Nasza Loteria NaM - pasek na kartach artykułów

Królik duszony ze śliwkami

Krzysztof Kucharski
Królika z naszego menu wyparł drób. Upominam się o miejsce należne w hierarchii smakowej królikowi, który regionalnym przysmakiem był! Aż trudno uwierzyć, że są miejsca, gdzie na własne uszy można wysłuchać treli ...

Królika z naszego menu wyparł drób. Upominam się o miejsce należne w hierarchii smakowej królikowi, który regionalnym przysmakiem był!

Aż trudno uwierzyć, że są miejsca, gdzie na własne uszy można wysłuchać treli lelka kozodoja. Kiedyś na obrzeżach gęstych borów Niziny Śląsko-Łużyckiej, w okolicach Przemkowa, zwierzyny było pełno. Patrząc z perspektywy stołu, to były przepiórki, kuropatwy, zające, dzikie króliki, że o jeleniach i dzikach nie wspomnę - biegały sobie w zasięgu naszego wzroku. Należało tylko posiadać coś do strzelania. Ongiś wystarczył łuk. Jednym z dań, które można znaleźć w starych książkach kucharskich z Łużyc, Saksonii, Czech i Moraw, ale też całego Śląska, jest królik duszony ze śliwkami.

Owego królika podawano na książęcych i magnackich stołach, ale jadali go też niżej urodzeni. Dziś królik stracił na popularności i już mało kto króliki hoduje. Kiedyś w ten sposób swoje menu uzupełniali właściciele działek, ale było to w czasie, gdy po działkach nie grasowali złodzieje i wandale. Królika z naszego menu wyparł, wciskający się wszędzie, tuczony chemicznie drób. Najczęściej niesmaczny i niezdrowy, ale leżący w każdym najmniejszym sklepiku.

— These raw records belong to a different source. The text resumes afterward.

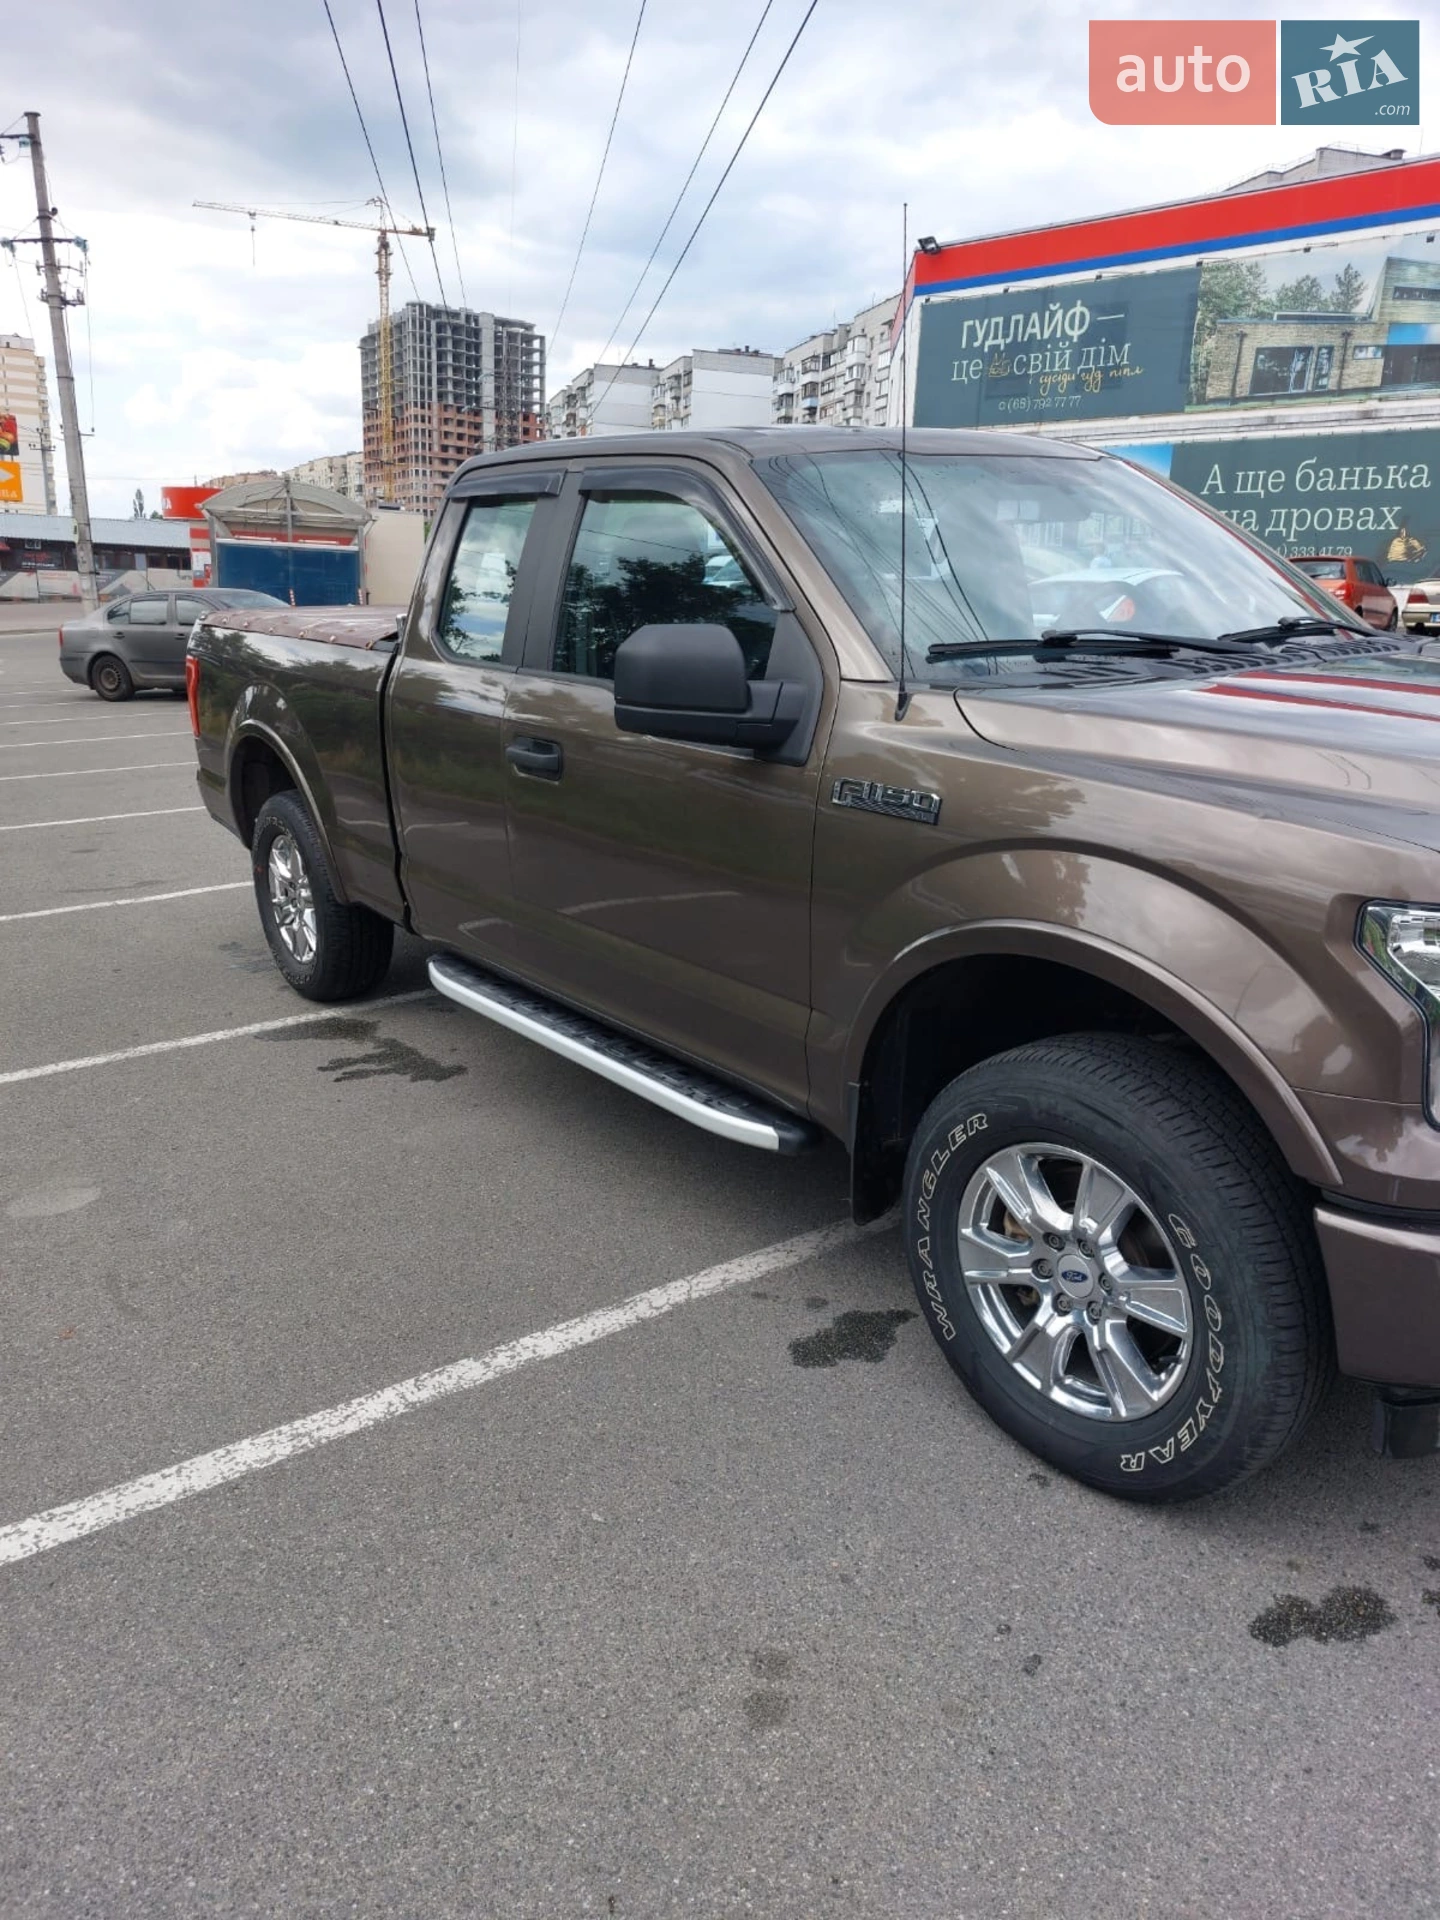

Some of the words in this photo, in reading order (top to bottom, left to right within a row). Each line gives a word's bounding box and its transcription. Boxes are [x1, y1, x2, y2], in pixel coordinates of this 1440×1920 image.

[961, 300, 1091, 352] ГУДЛАЙФ
[951, 358, 983, 384] це
[1077, 338, 1131, 375] дім
[1200, 463, 1226, 495] А
[1233, 468, 1286, 498] ще
[1295, 456, 1431, 492] банька
[1265, 506, 1402, 542] дровах
[917, 1112, 989, 1340] WRANGLER
[1120, 1213, 1224, 1472] GOODYEAR
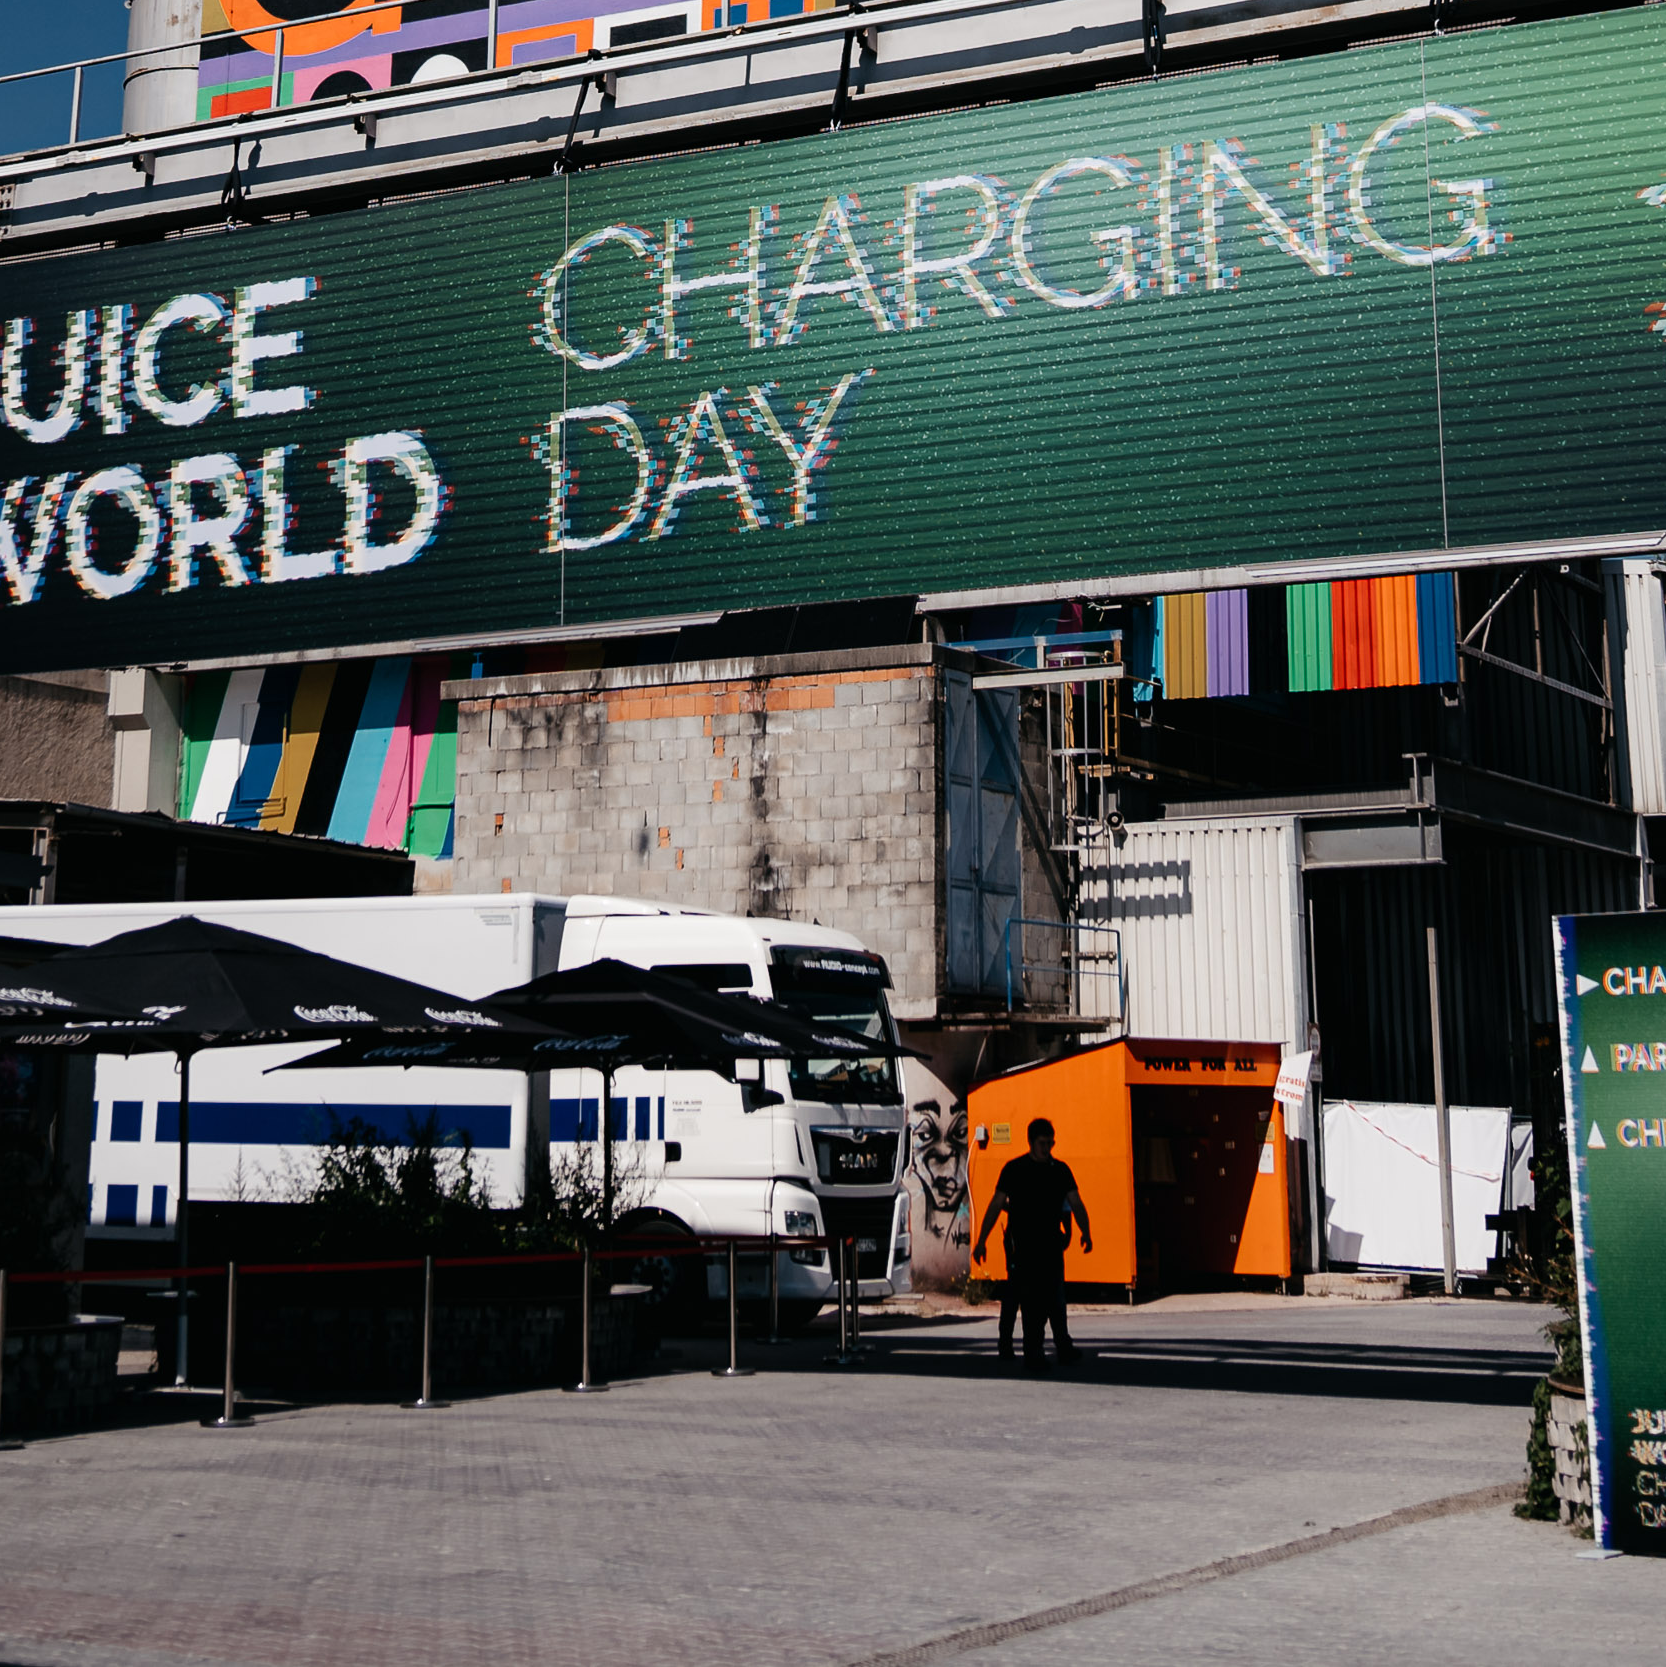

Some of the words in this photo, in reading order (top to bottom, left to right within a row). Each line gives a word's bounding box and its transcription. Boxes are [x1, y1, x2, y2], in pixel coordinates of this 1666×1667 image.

[531, 101, 1513, 372] CHARGING
[520, 368, 876, 554] DAY
[1144, 1057, 1191, 1072] POWER
[1200, 1057, 1226, 1072] FOR
[1234, 1057, 1258, 1072] ALL
[838, 1151, 878, 1170] MAN

Upominam się o miejsce należne w hierarchii smakowej królikowi, który regionalnym przysmakiem był!


KRÓLIK DUSZONY ZE ŚLIWKAMI

* 1 kg króliczego mięsa - udziec, comber
* 1 garść suszonych śliwek bez pestek
* 1 liść laurowy
* 2 szklanki czerwonego, wytrawnego wina
* 3 średnie cebule
* 3 łyżki sklarowanego masła
* 5 suszonych moreli
* 1/2 szklanki słodkiej śmietany (18-procentowej)
* 1/2 łyżki startego tymianku
* pieprz i sól do smaku

Śliwki wypłukać, osączyć i godzinę moczyć w winie. Pod koniec moczenia dodać umyte morele (bez pestek). Mięso umyć, osuszyć, pokroić na kawałki, oprószyć tymiankiem, pieprzem, solą, obsmażyć na sklarowanym maśle. Cebulę obrać, pokroić na ćwiartki, dodać do mięsa. Włożyć liść laurowy, wlać pół szklanki wody i dusić 35 minut.
W połowie duszenia dodać śliwki z winem (morele odłożyć). Gdy mięso będzie miękkie, włożyć morele i chwilkę razem dusić. Następnie wlać śmietanę, wymieszać, przyprawić sos do smaku. Wyłożyć potrawę na ogrzany półmisek.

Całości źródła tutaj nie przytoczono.